On December 8, 1997, the trustees of The Museum of Modern Art selected Yoshio Taniguchi to be the architect for the Museum's Expansion and renovation scheduled to begin within the next three years. Mr. Taniguchi's selection was the culmination of an eighteen-month-long process that involved extensive discussions among the staff, trustees, and friends of the Museum about the institution's needs for the future. From an initial field of more than twenty architects or architectural teams, ten were invited to participate in the charette, or design exercise, and three (Taniguchi, Jacques Herzog and Pierre de Meuron, and Bernard Tschumi) were asked to submit competition plans and models. Mr. Taniguchi's proposal was chosen on the basis of his dramatic but elegant design that reflects the unique vitality of Midtown Manhattan while sensitively drawing upon and transforming the language of modernism. Mr. Taniguchi's goal for this project is "to create an ideal environment for art and people through the imaginative and disciplined use of light, materials, and space." In so doing he proposes "to transform The Museum of Modern Art into a bold new museum while maintaining its historical, cultural, and social context" as one of New York's preeminent cultural institutions.
The Museum will be expanded immediately to the northwest on the Dorset Hotel site and will involve approximately 230,000 square feet of new construction, as well as 350,000 square feet of renovation.
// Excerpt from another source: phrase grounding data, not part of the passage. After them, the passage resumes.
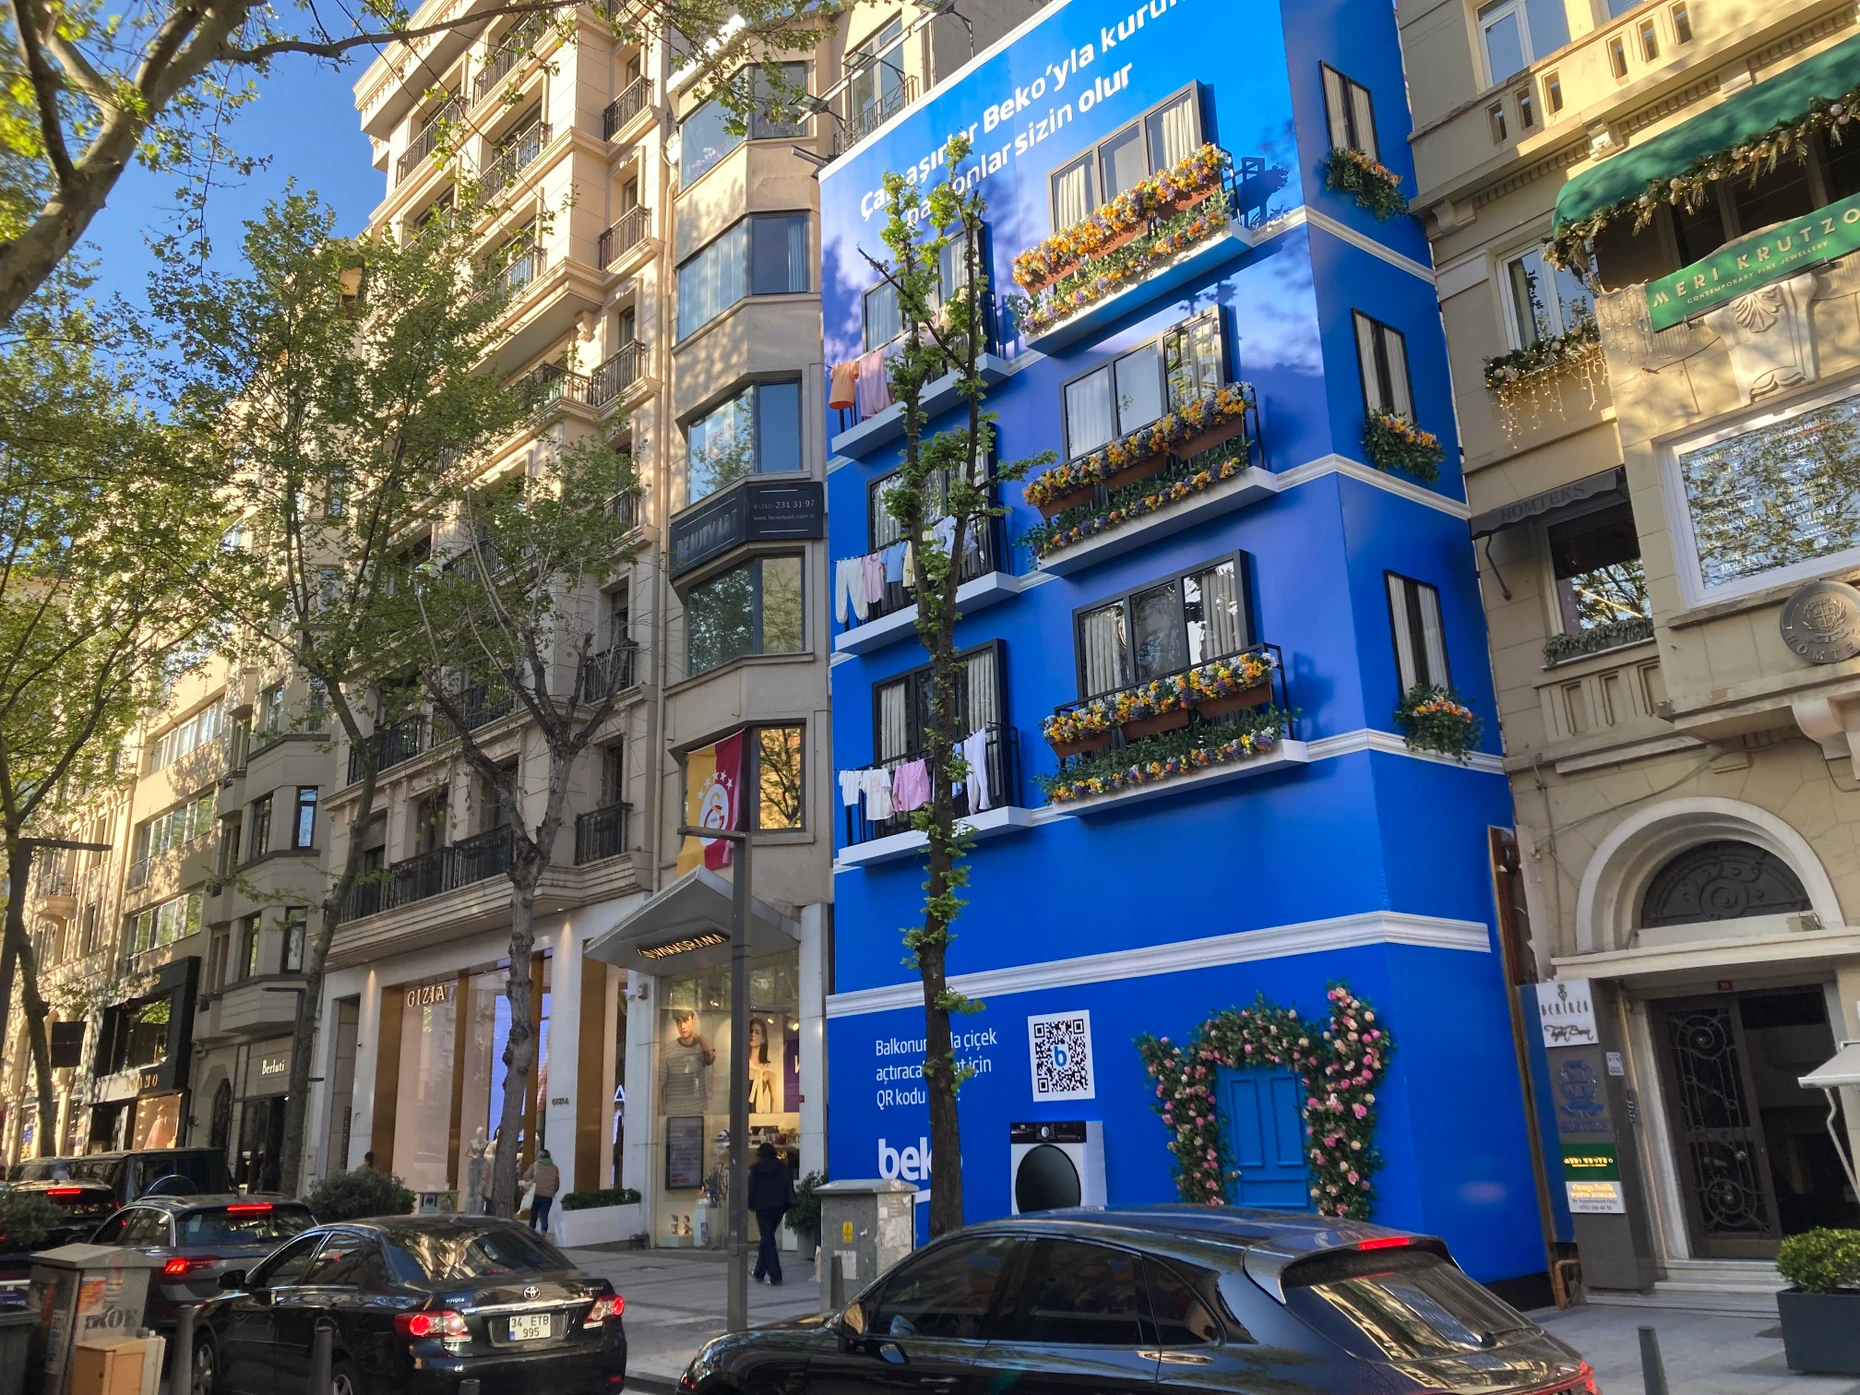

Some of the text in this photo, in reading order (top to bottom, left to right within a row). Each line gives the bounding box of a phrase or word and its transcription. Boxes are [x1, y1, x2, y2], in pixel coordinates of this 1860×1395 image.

[1014, 103, 1073, 156] sizin
[1078, 62, 1133, 114] olur
[1687, 240, 1828, 304] CONTEMPORARY FINE JEWELLERY
[1653, 267, 1719, 308] MERI
[775, 501, 791, 509] 231
[792, 500, 802, 508] 31
[804, 499, 815, 508] 97
[1500, 484, 1585, 521] HOMTEKS
[676, 520, 715, 562] BEAUTY
[407, 985, 446, 1007] GIZIA
[963, 1027, 998, 1051] çiçek
[262, 1059, 285, 1075] Berluti
[876, 1087, 926, 1111] QR kodu
[878, 1136, 963, 1181] bek
[511, 1315, 550, 1328] 34 ETB
[522, 1327, 540, 1338] 995
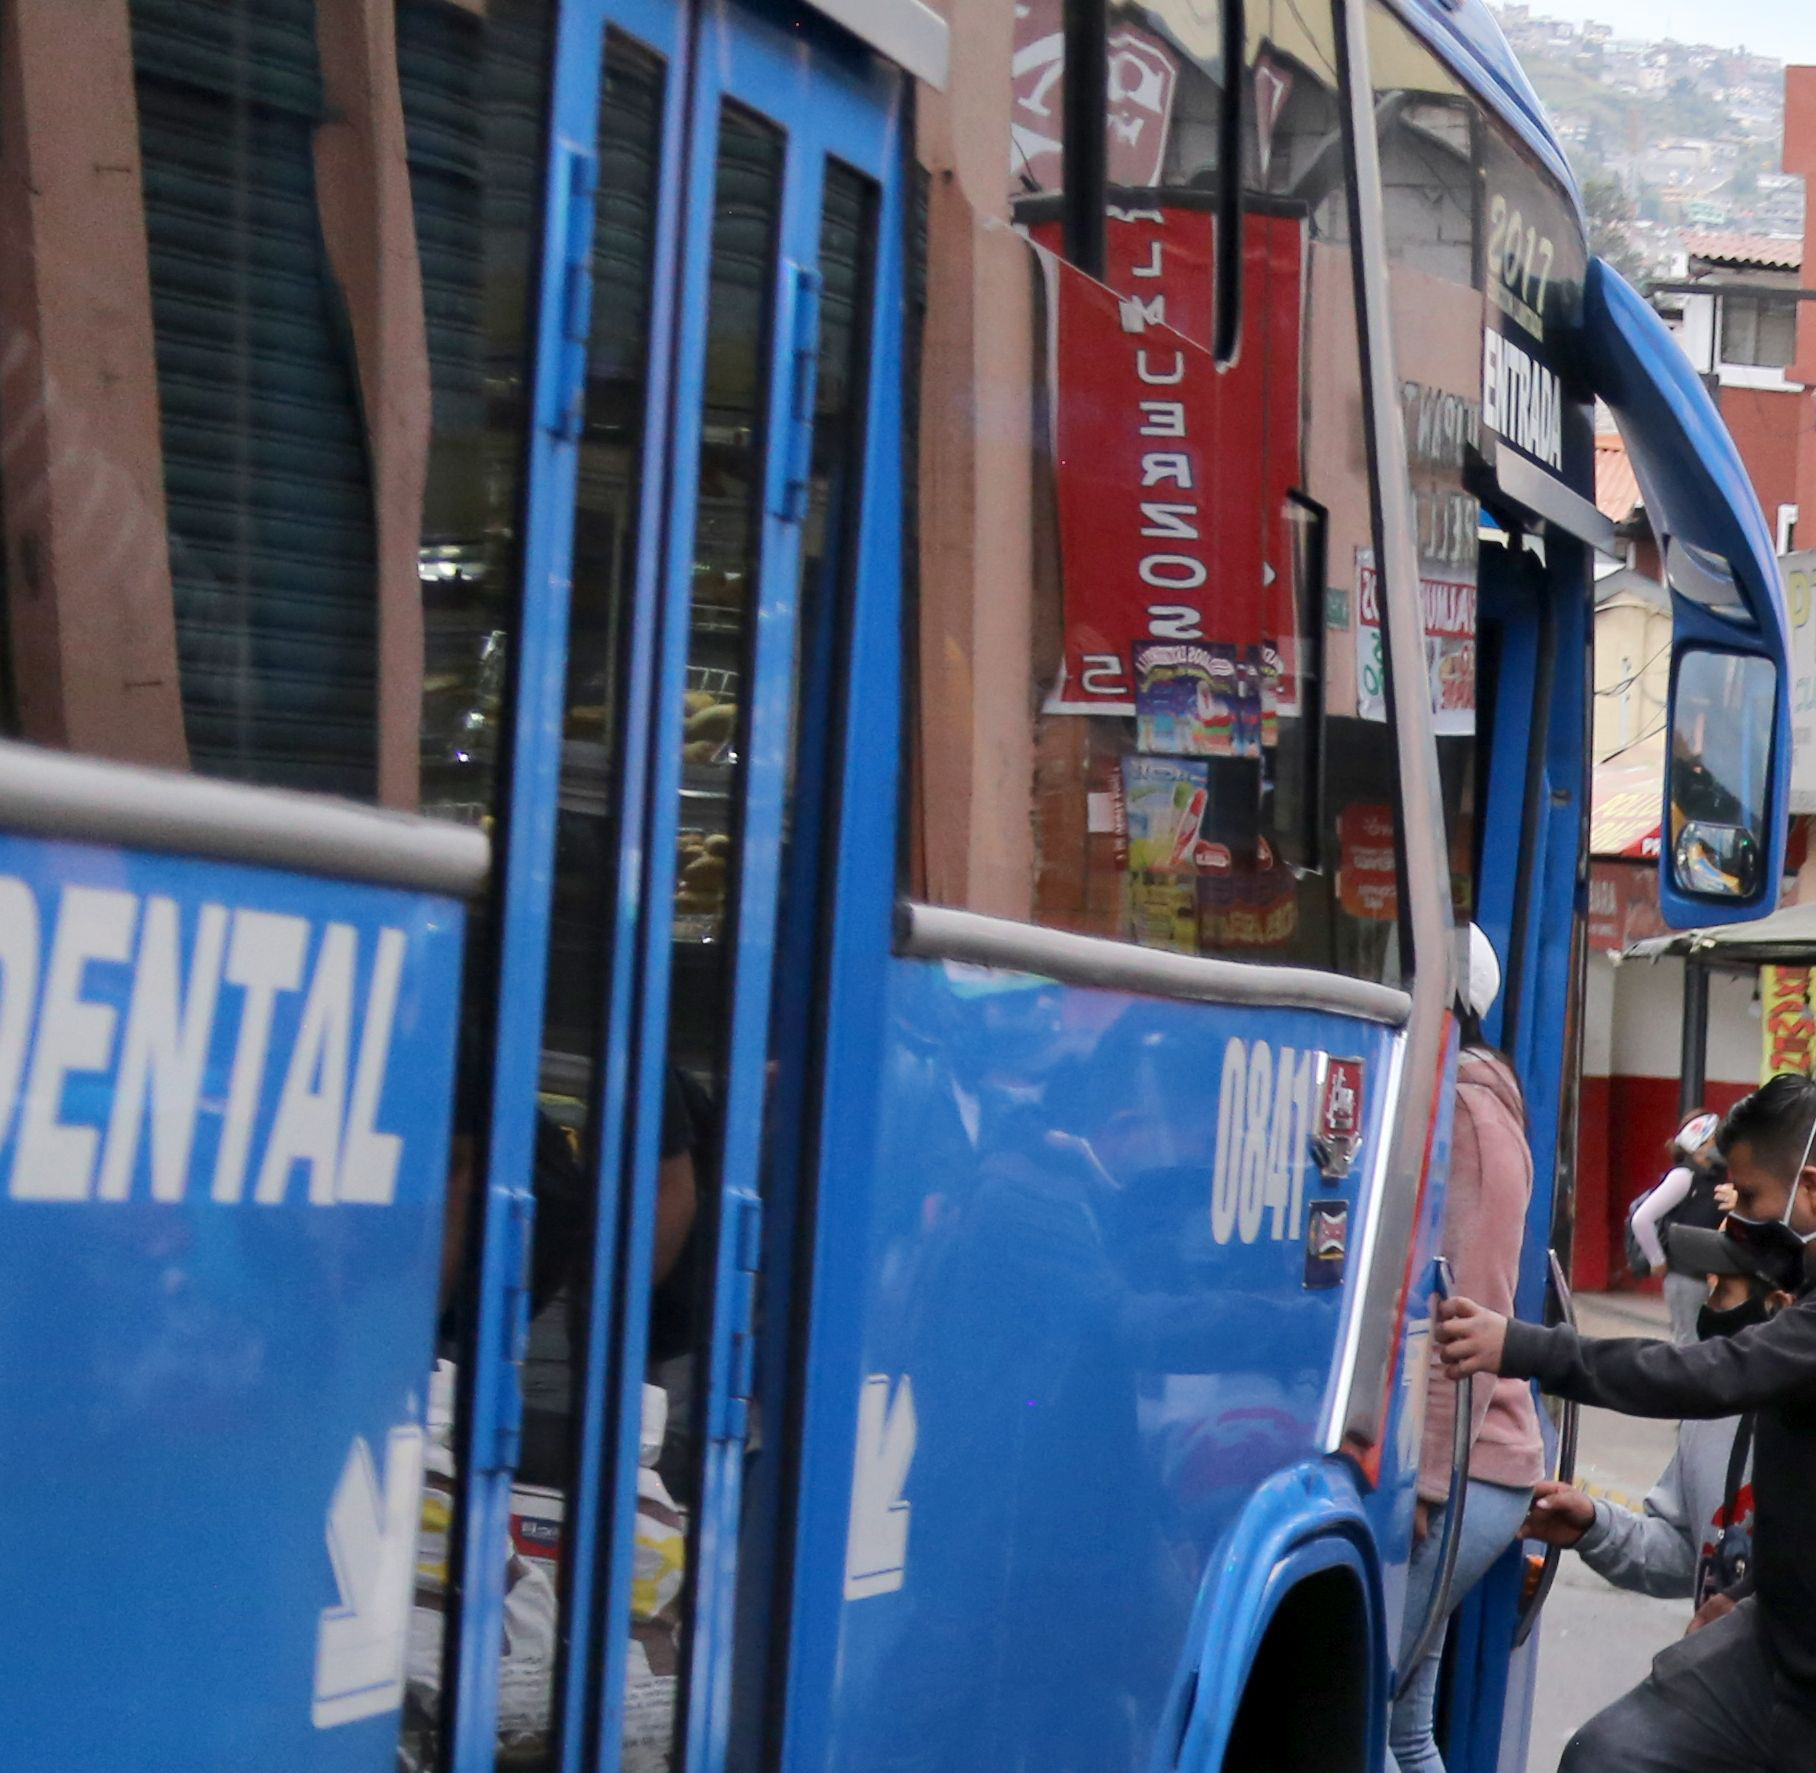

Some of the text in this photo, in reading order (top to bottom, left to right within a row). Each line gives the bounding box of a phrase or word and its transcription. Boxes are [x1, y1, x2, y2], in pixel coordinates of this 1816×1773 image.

[1487, 193, 1554, 317] 2017
[1483, 325, 1563, 473] ENTRADA
[1211, 1036, 1313, 1245] 0841
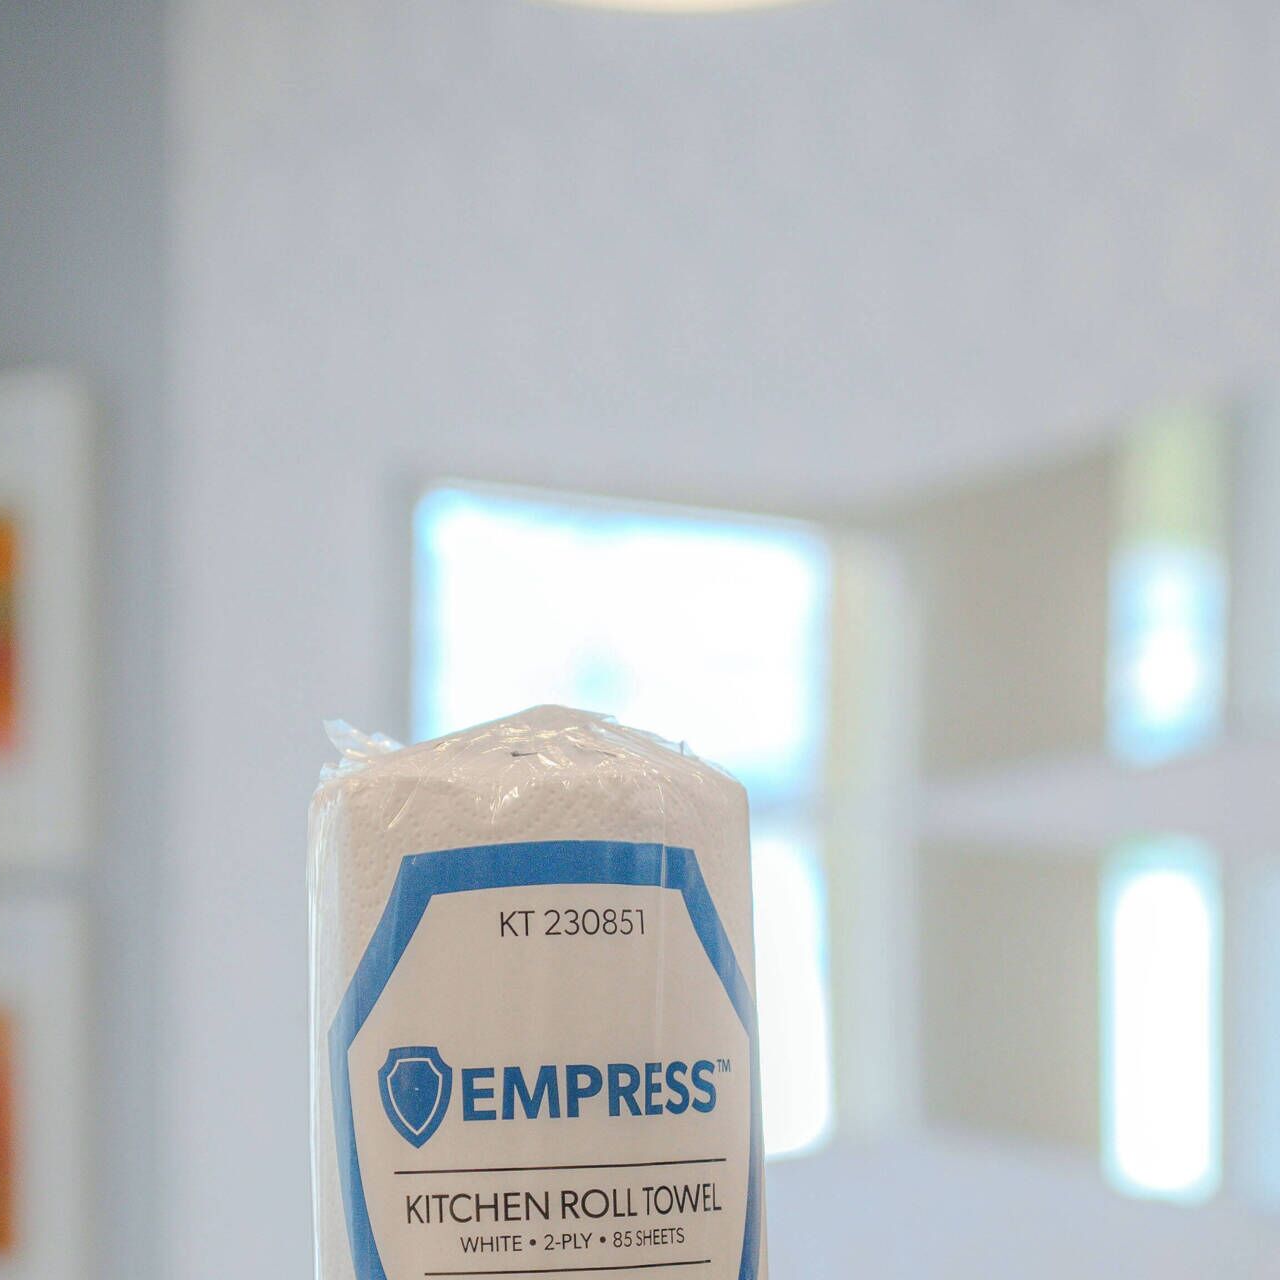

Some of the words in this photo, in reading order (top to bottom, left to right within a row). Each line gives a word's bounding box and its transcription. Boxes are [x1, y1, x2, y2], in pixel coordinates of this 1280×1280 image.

[500, 909, 535, 937] KT
[544, 908, 646, 936] 230851
[406, 1190, 550, 1224] KITCHEN
[561, 1187, 638, 1219] ROLL
[642, 1182, 722, 1217] TOWEL
[460, 1234, 523, 1254] WHITE
[544, 1232, 593, 1251] 2-PLY
[613, 1230, 633, 1249] 85
[635, 1227, 686, 1247] SHEETS
Among the high-lights of the new Museum will be an extensive education and research complex, an entrance specifically devoted to the accommodation of school groups and tours, an additional theater, and a doubling of the current space for galleries--with larger, more flexible skylight-enhanced galleries for contemporary art as well as temporary exhibtions. Mr. Taniguchi's scheme will be further refined over the coming months as the Museum prepares for construction.
At no time since its founding in 1929 has The Museum of Modern Art had such a unique opportunity to rethink its architectural and intellectual requirements. The completed project will allow the Museum to display its collection in fundamentally new ways, providing a deeper and richer experience for the public, while undertaking greatly enhanced educational initiatives.